TO DO —
Verbatim copy, images omitted: return the full listing.

══════════

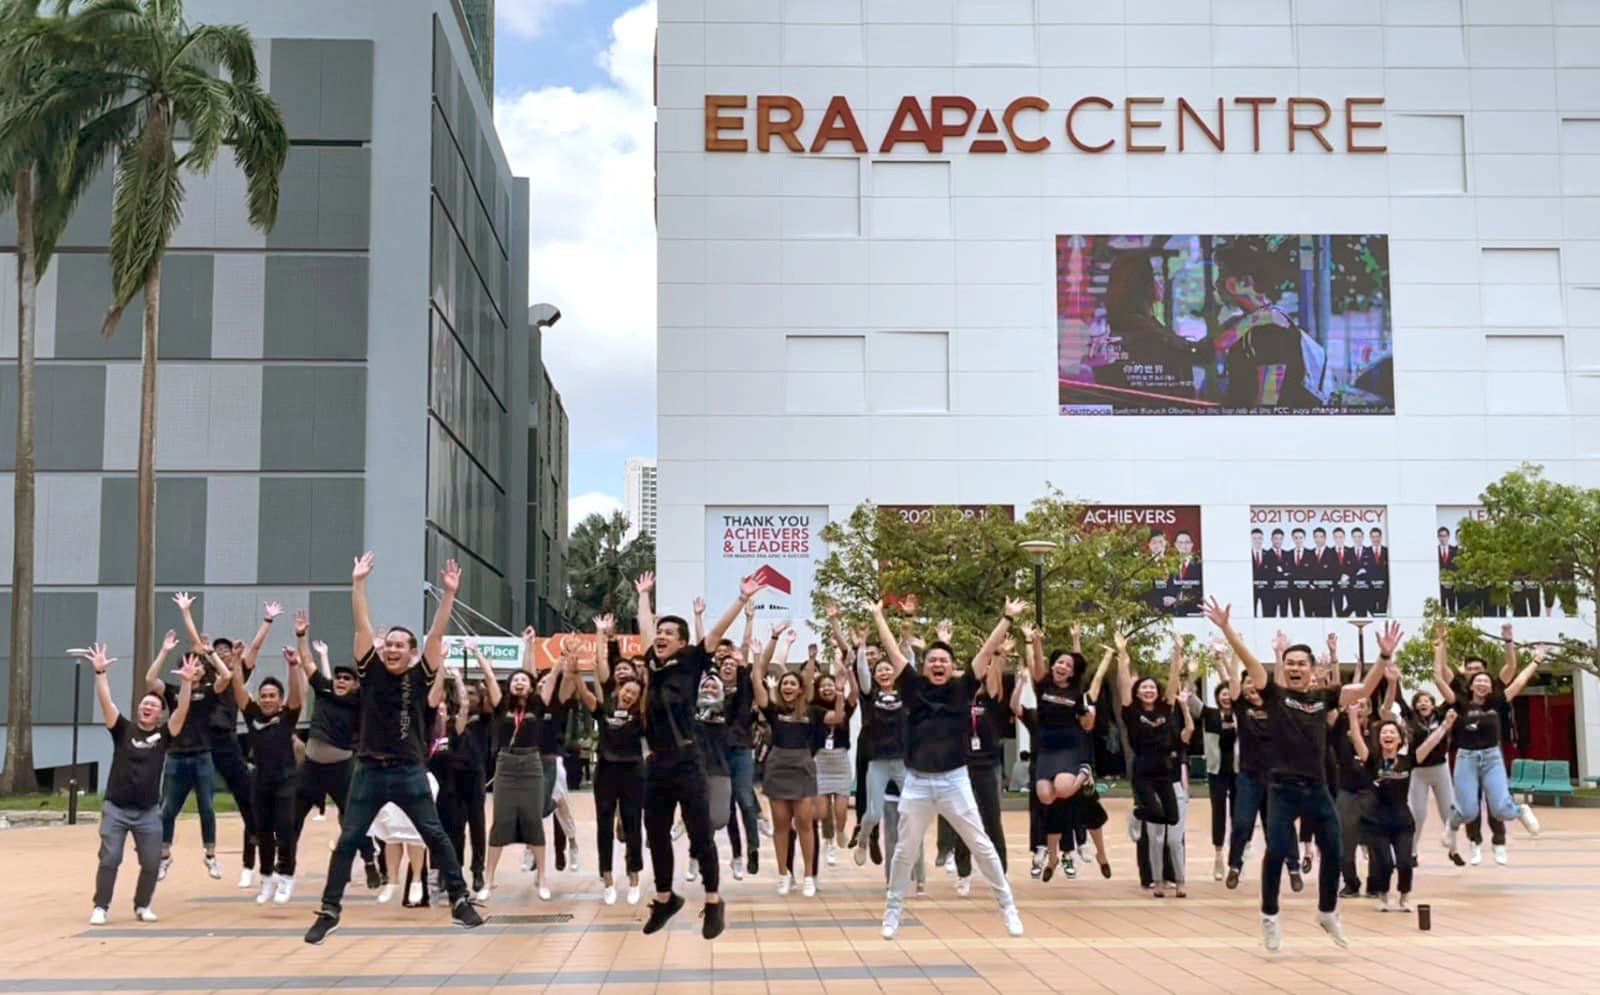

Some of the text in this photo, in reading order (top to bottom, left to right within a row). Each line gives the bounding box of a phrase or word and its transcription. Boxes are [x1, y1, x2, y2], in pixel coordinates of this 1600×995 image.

[704, 95, 1388, 153] ERA APAC CENTRE
[723, 515, 810, 527] THANK YOU
[1083, 509, 1176, 524] ACHIEVERS
[1250, 509, 1384, 523] 2021 TOP AGENCY
[723, 528, 810, 540] ACHIEVERS
[723, 540, 810, 553] & LEADERS
[484, 645, 516, 657] Place

══════════

COMPLETED EXERCISE —
Some of the text in this photo, in reading order (top to bottom, left to right within a row). Each line gives the bounding box of a phrase or word and its transcription. Boxes are [x1, y1, x2, y2], in pixel coordinates of this 1600×995 image.

[704, 95, 1388, 153] ERA APAC CENTRE
[723, 515, 810, 527] THANK YOU
[1083, 509, 1176, 524] ACHIEVERS
[1250, 509, 1384, 523] 2021 TOP AGENCY
[723, 528, 810, 540] ACHIEVERS
[723, 540, 810, 553] & LEADERS
[484, 645, 516, 657] Place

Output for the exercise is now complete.